Guidelines and their revisions are usually based on an extensive amount of literature. It takes a lot of time, effort, and typically a large team of experts to formulate practical clinical advice from an abundance of data. The aim is to organize and provide the best available evidence to support clinical decision making to improve quality, patient outcomes, and cost effectiveness. It is interesting that compared to the vast amount of data new guidelines are based on, relatively little research goes into optimising dissemination, implementation, practical adherence, and monitoring of clinical results for guideline updates.

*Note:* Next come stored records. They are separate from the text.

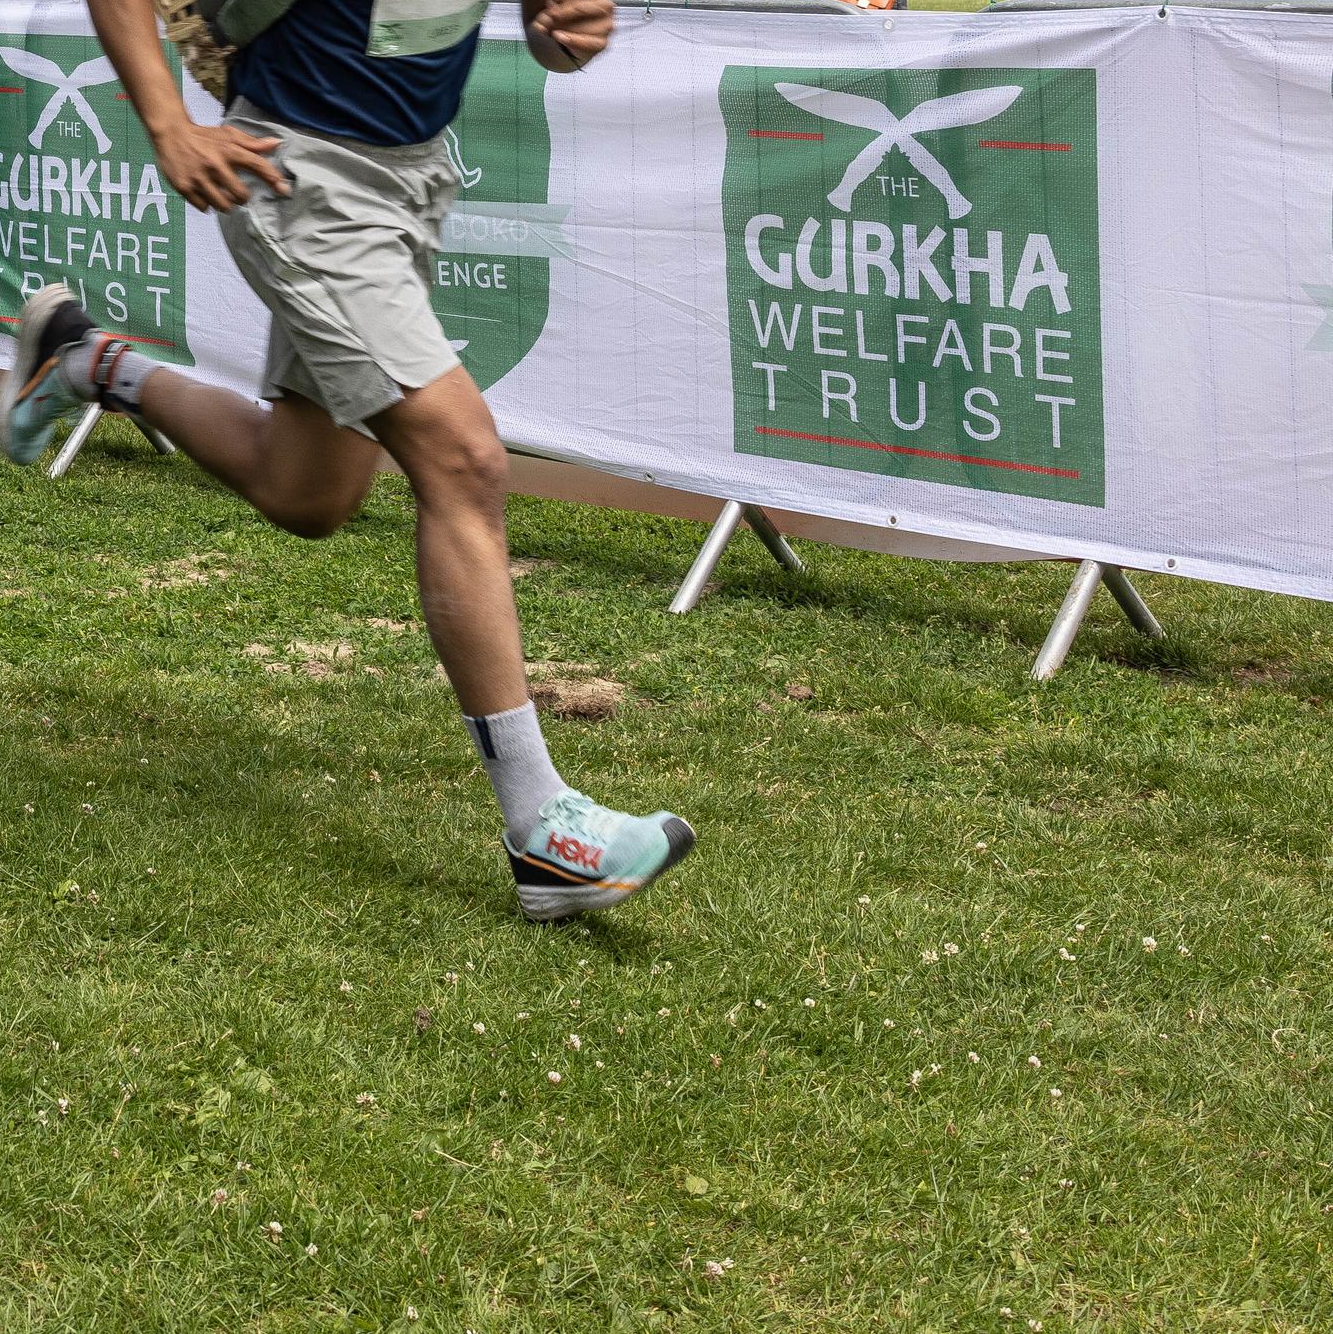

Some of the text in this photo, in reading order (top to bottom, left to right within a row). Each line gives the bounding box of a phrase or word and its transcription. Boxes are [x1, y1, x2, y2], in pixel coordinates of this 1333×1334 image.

[56, 121, 82, 139] THE
[876, 174, 920, 198] THE
[743, 213, 1071, 315] GURKHA
[747, 299, 1073, 384] WELFARE
[751, 361, 1077, 449] TRUST

The process that takes place after a new guideline has been released is a research field of its own. At the moment, the most effective way to implement a new guideline is unclear and there is little evidence for tools to support implementation.1,2 The most effective strategy may even differ per guideline, as the barriers to effective implementation can be personal/physician-related, guideline-related, or external.3,4 Personal/physician-related factors comprise aspects such as lack of awareness, lack of motivation, lack of agreement, etc. These factors could be tackled by dissemination of guideline information and education of physicians. For medical guidelines, this is one of the most common strategies, where education meetings and conferences are held to update knowledge and also to explain the background and supporting evidence for the recommendations. Guideline-related factors can comprise the complexity of the guideline, its accessibility, and its layout. Most guidelines today aim for a clear set-up with intermediate outlines of the recommendations. Finally, external factors may include a lack of resources (financial or in terms of workforce) or organisational aspects.

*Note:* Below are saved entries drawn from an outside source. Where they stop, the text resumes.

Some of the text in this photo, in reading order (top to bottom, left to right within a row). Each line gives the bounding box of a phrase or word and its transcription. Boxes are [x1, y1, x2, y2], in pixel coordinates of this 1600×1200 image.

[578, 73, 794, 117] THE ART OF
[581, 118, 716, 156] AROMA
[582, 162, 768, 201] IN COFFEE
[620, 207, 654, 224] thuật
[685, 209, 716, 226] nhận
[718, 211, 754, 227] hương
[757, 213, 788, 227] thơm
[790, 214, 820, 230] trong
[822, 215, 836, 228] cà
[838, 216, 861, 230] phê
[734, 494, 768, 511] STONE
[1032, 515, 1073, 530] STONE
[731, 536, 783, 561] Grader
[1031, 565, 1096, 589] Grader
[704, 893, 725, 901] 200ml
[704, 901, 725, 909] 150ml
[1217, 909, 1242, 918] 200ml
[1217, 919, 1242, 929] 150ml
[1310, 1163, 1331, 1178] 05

In this edition of the Netherlands Journal of Medicine, Mol et al. have reviewed the implementation of an updated Dutch national guideline on peri-operative bridging of anticoagulant therapy in their hospital.5 The study shows that the implementation of this guideline update has been successful and even took place before the local hospital protocol was updated, resulting in a large percentage of non-adherence to the local hospital protocol during the transition period. Rightly so, the authors question the usefulness of local protocols in addition to national guidelines based on these findings.

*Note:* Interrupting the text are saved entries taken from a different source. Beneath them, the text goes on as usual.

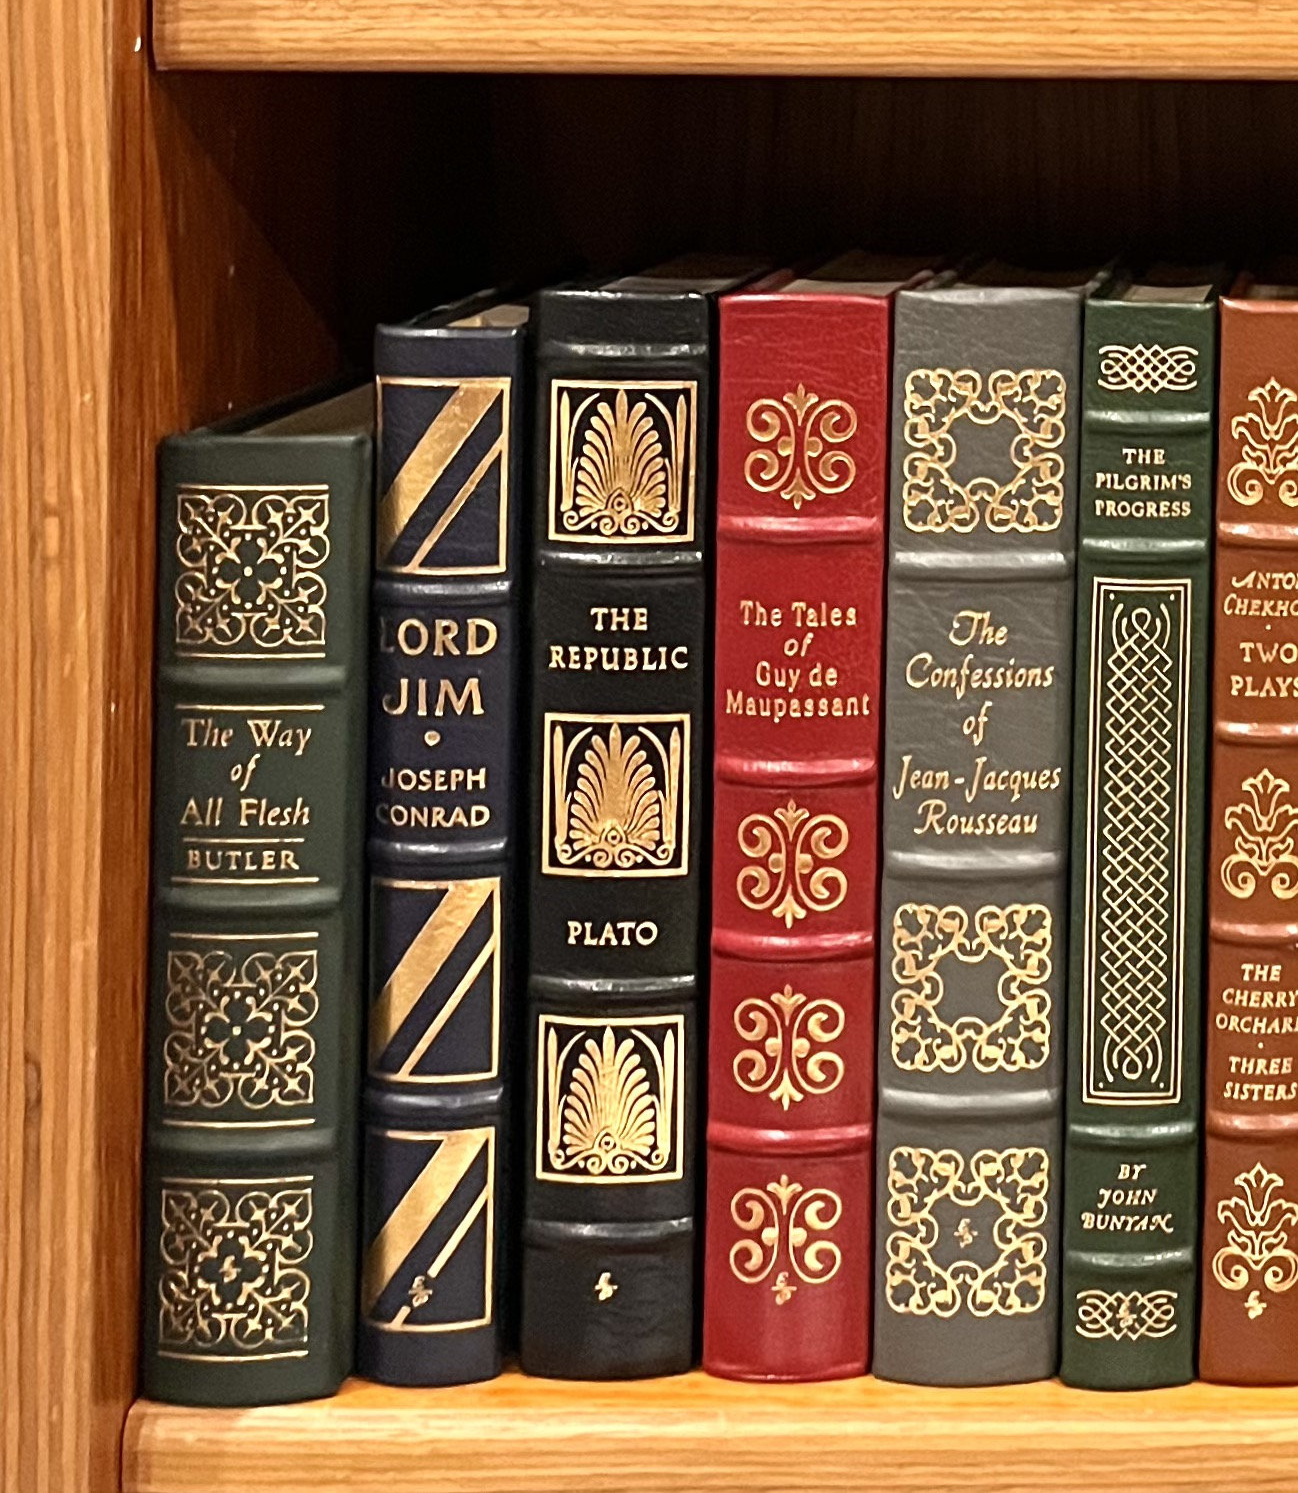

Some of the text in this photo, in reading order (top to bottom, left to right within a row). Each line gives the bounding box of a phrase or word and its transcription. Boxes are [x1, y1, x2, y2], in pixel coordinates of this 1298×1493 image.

[1121, 447, 1166, 466] THE
[1094, 471, 1193, 492] PILGRIM'S
[1094, 498, 1192, 519] PROGRESS
[589, 606, 649, 633] THE
[739, 600, 858, 629] The Tales
[948, 609, 1009, 647] The
[379, 615, 498, 657] LORD
[783, 632, 815, 658] of
[547, 645, 690, 672] REPUBLIC
[755, 661, 839, 693] Guy de
[905, 651, 1055, 701] Confessions
[381, 676, 486, 718] JIM
[724, 688, 872, 724] Maupassant
[180, 717, 313, 757] The Way
[962, 700, 994, 747] of
[229, 752, 262, 793] of
[380, 766, 488, 792] JOSEPH
[891, 754, 1063, 803] Jean-Jacques
[179, 796, 311, 828] All Flesh
[375, 802, 491, 829] CONRAD
[912, 798, 1039, 836] Rousseau
[186, 848, 301, 872] BUTLER
[566, 920, 659, 947] PLATO
[1240, 963, 1283, 983] THE
[1228, 1055, 1295, 1077] THREE
[1222, 1080, 1298, 1103] SISTERS
[1117, 1163, 1148, 1181] BY
[1096, 1187, 1158, 1210] JOHN
[1080, 1211, 1175, 1235] BUNYAN

Unfortunately, this encouraging study is merely descriptive and does not discuss why this implementation has been so successful, what the implementation strategy was, and whether this success was only local or also national and international. Taking the previously presented information into account, one may speculate that this guideline update may have had few barriers in this particular hospital. Physicians may have been aware and been convinced by the evidence of the randomised controlled trial that changed the guideline. The change in the guideline was not complex and a local systematic approach to peri-operative anticoagulant therapy was already in place, posing few guideline or external barriers. This reminds me of Bram Stoker’s Dracula statement, ‘We learn from failure, not from success’,6 as there was potential for this study to teach us more about effective implementation strategies.